This skill turns the current Claude Code conversation's civic-data analysis into a signed evidence package on civicaitools.org. It wraps POST /api/evidence; the endpoint contract lives in civic-ai-tools-website/docs/api/evidence-publish.md.

When to invoke

The user has just finished an analysis in this session using the Socrata MCP server (mcp__socrata__* tools) and/or the Data Commons MCP server (mcp__data-commons__* tools). They now want to publish the analysis as a verifiable record. Typical phrasings:

  • "publish this as evidence"
  • "publish to civicaitools.org"
  • "sign this analysis"
  • "make this a verifiable package"

Do not invoke this skill for analyses the user has not asked to publish, or for non-civic conversations (code questions, chit-chat, etc.). Do not invoke it to re-publish a package that was already published in this session; just quote the URL from the prior turn.

Capture modes

The skill supports two capture modes. Pick the one that matches what the user said, set captureMode in the JSON payload, and proceed.

Mode When to choose it What gets captured
single_final_turn (default) "publish this as evidence", "publish this analysis", "sign this answer" — the user points at a single question → answer cycle. The last user prompt, the final assistant markdown response, and every civic MCP tool call made to answer it. Matches the website chat-flow shape.
full_conversation "publish this whole session", "publish the full conversation", "include every turn", "publish everything we did" — the user wants the multi-turn record. Every captured turn since the civic analysis started, rendered as a markdown transcript in output, plus every civic MCP tool call across those turns. Emits a structured turn list in extensions["org.civicaitools.multi-turn"].

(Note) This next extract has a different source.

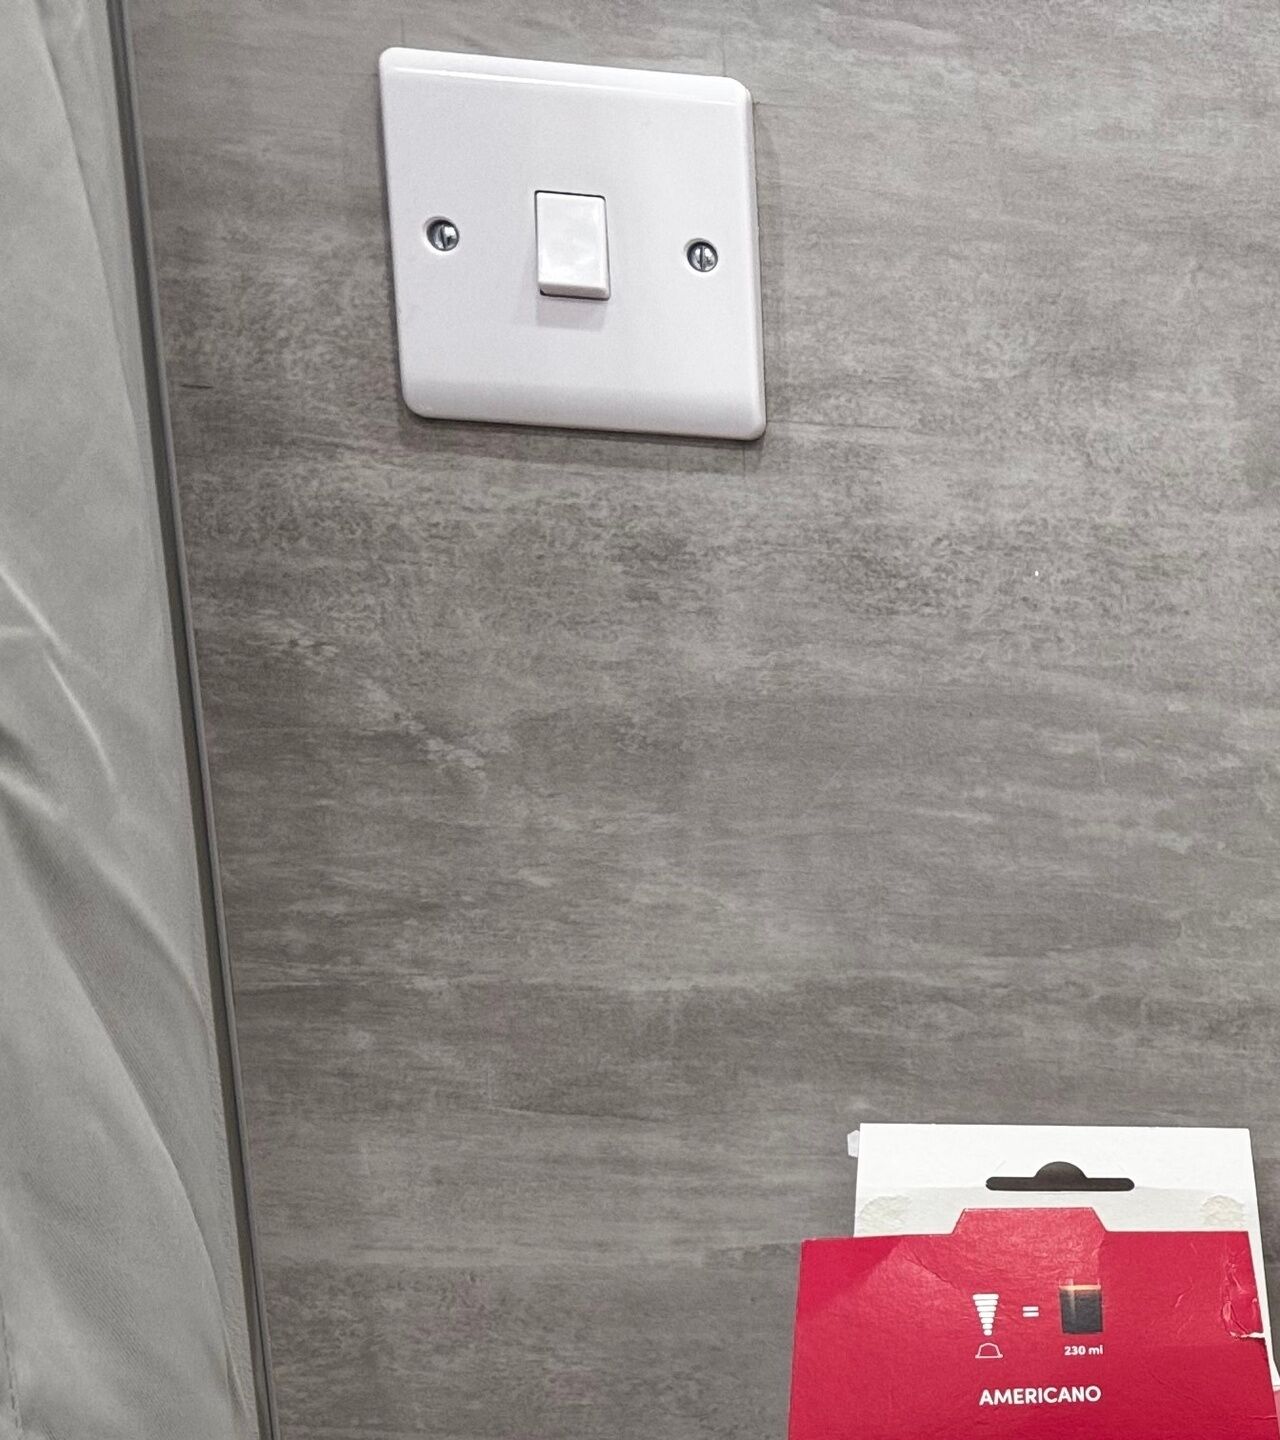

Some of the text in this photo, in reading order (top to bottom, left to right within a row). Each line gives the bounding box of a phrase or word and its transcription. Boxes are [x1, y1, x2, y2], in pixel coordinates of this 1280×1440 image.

[1064, 1344, 1104, 1356] 230 ml
[978, 1385, 1101, 1406] AMERICANO
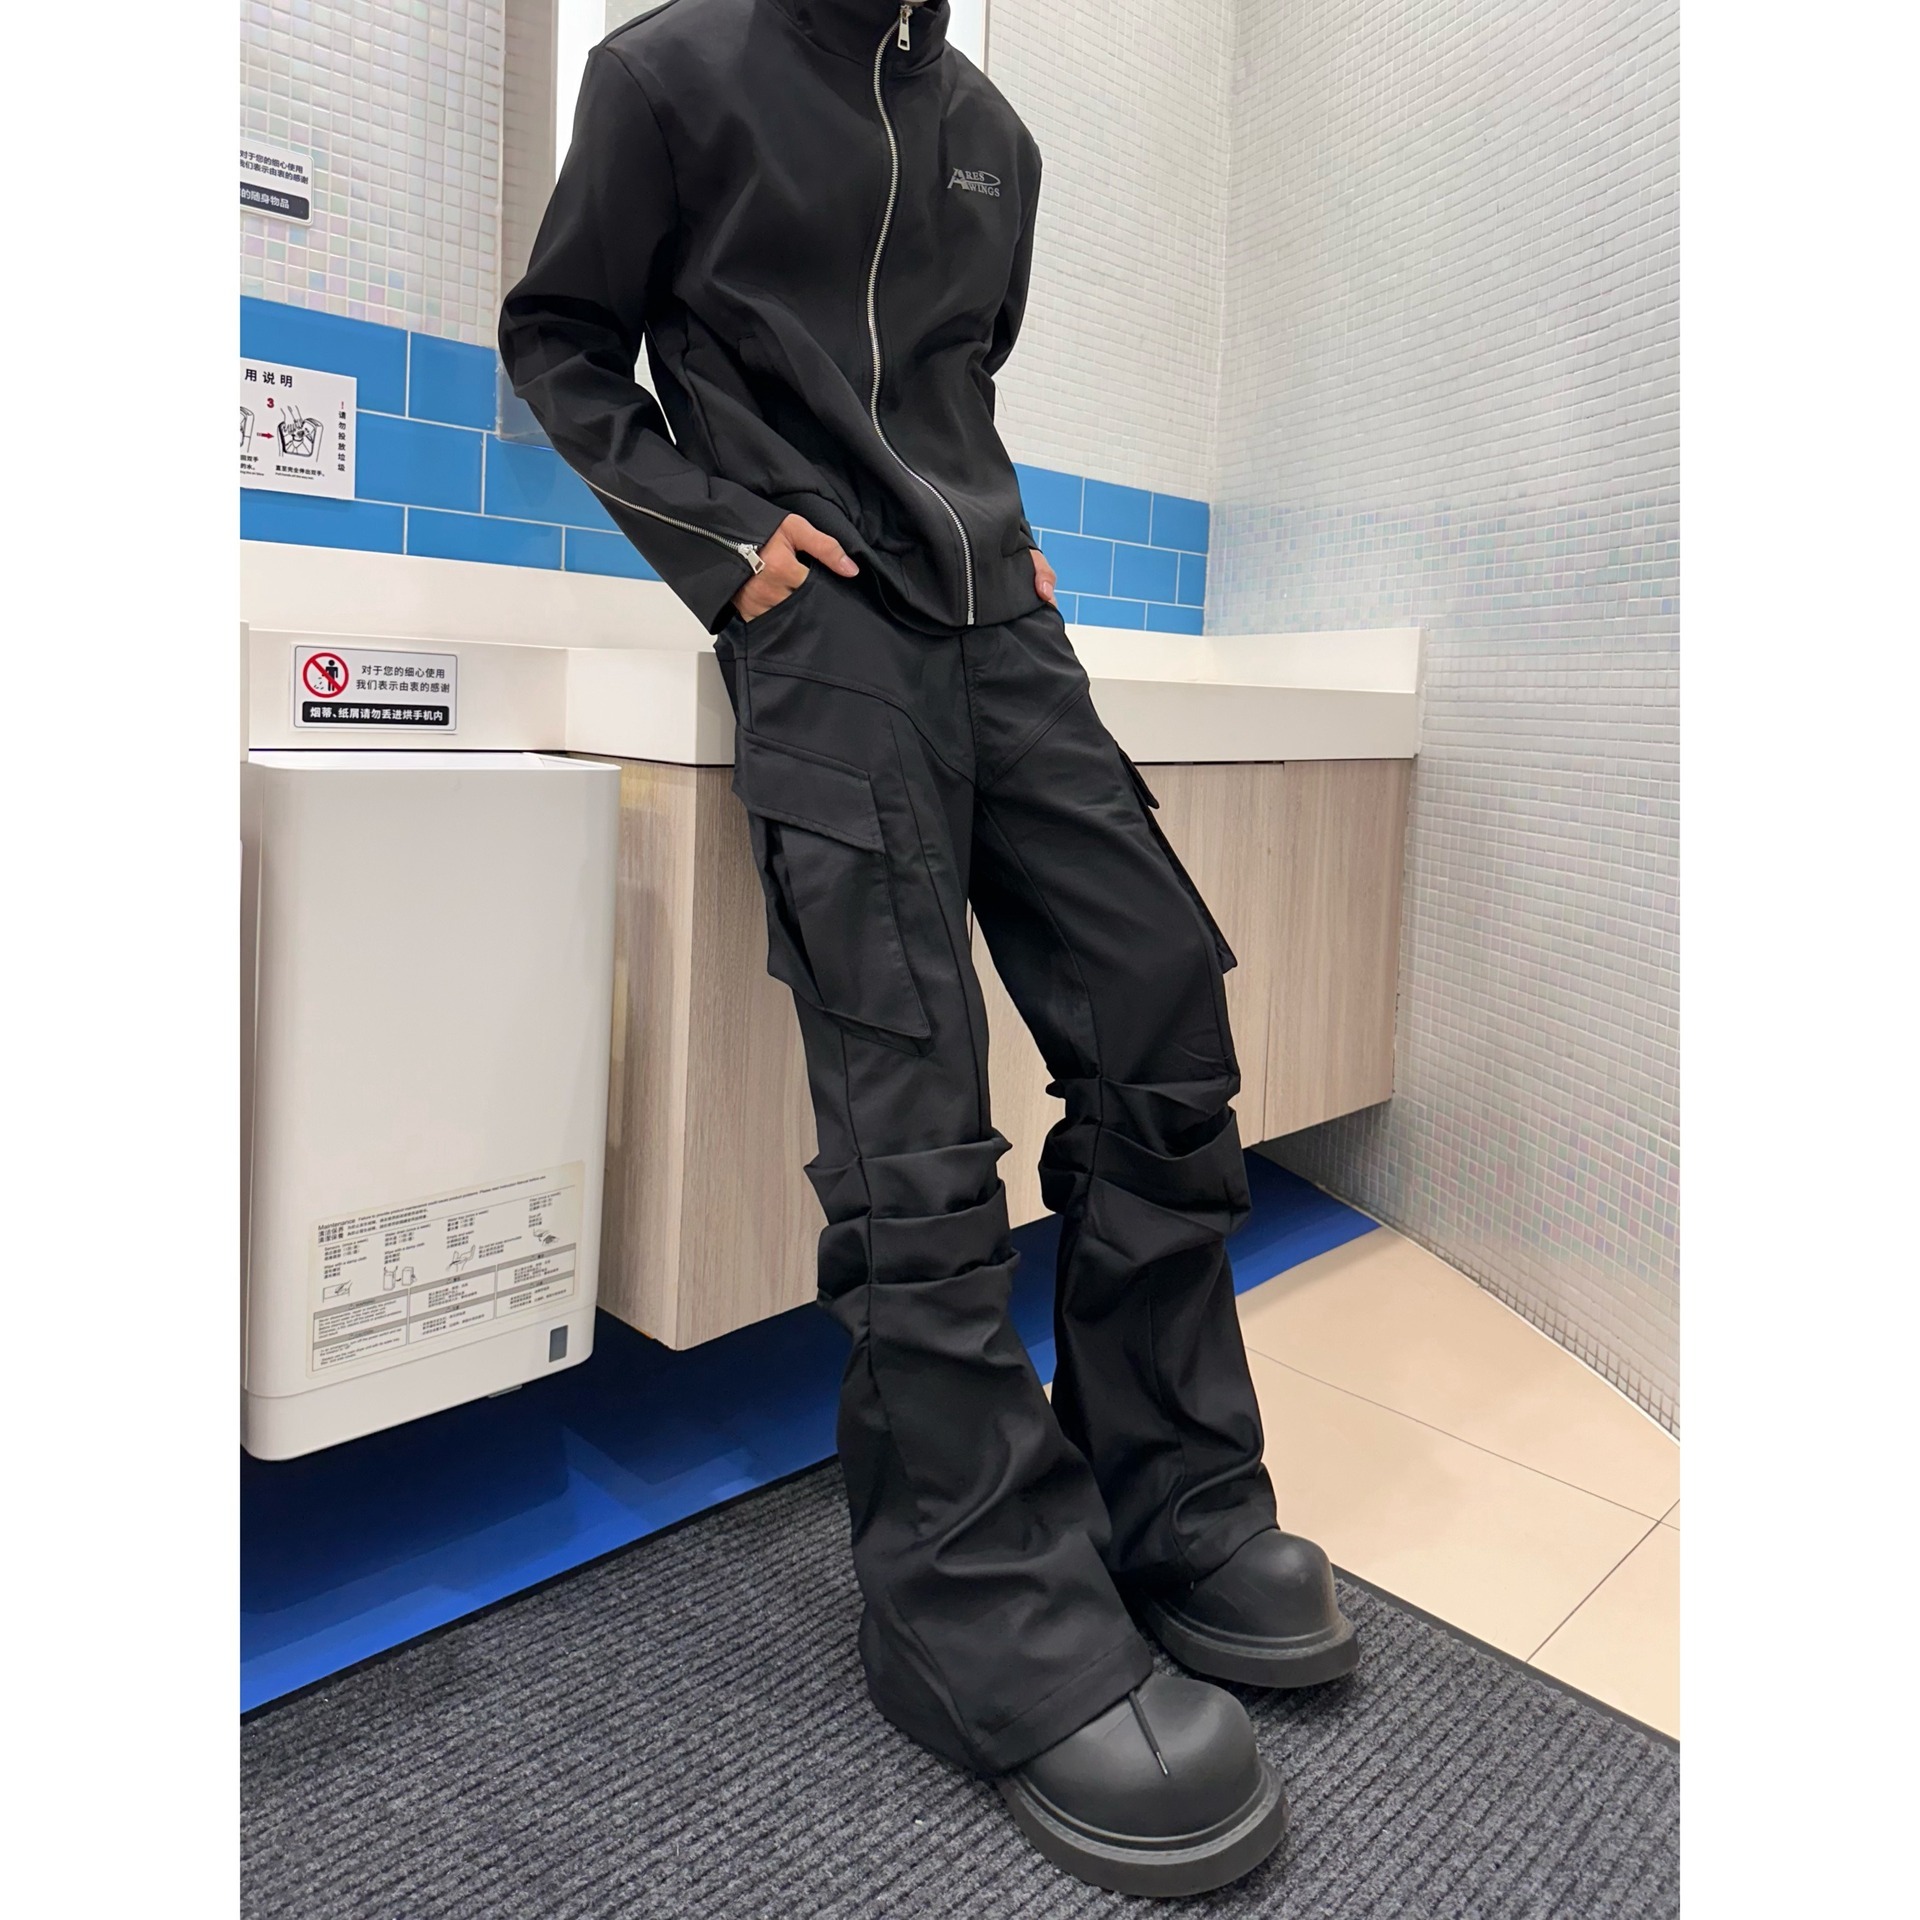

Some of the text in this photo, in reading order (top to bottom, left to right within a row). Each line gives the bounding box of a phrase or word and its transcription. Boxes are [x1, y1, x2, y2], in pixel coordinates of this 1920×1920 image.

If the user's phrasing is ambiguous (e.g., "publish this"), default to single_final_turn and confirm with the user before proceeding: "Publishing just this final answer. Want the whole multi-turn session instead?"

Modes can also be overridden at the command line with --mode single_final_turn|full_conversation, which takes precedence over the payload field. Don't use the flag in the Claude-driven flow; set the payload field instead.

Session-boundary convention (full_conversation only)

Default capture starts at the first Socrata or Data Commons MCP tool call in the session, not at session start. Claude Code sessions often include unrelated setup before the user pivots to civic data; capturing from session start bundles noise into the evidence record.

The user can override this by saying something like "publish from the beginning of the session" or "include everything before the first tool call too." If overriding, confirm with the user before proceeding — session-start capture may include content the user didn't realise would be published. Record the chosen boundary in the payload as sessionBoundary: "first_civic_tool_call" (default) or sessionBoundary: "session_start".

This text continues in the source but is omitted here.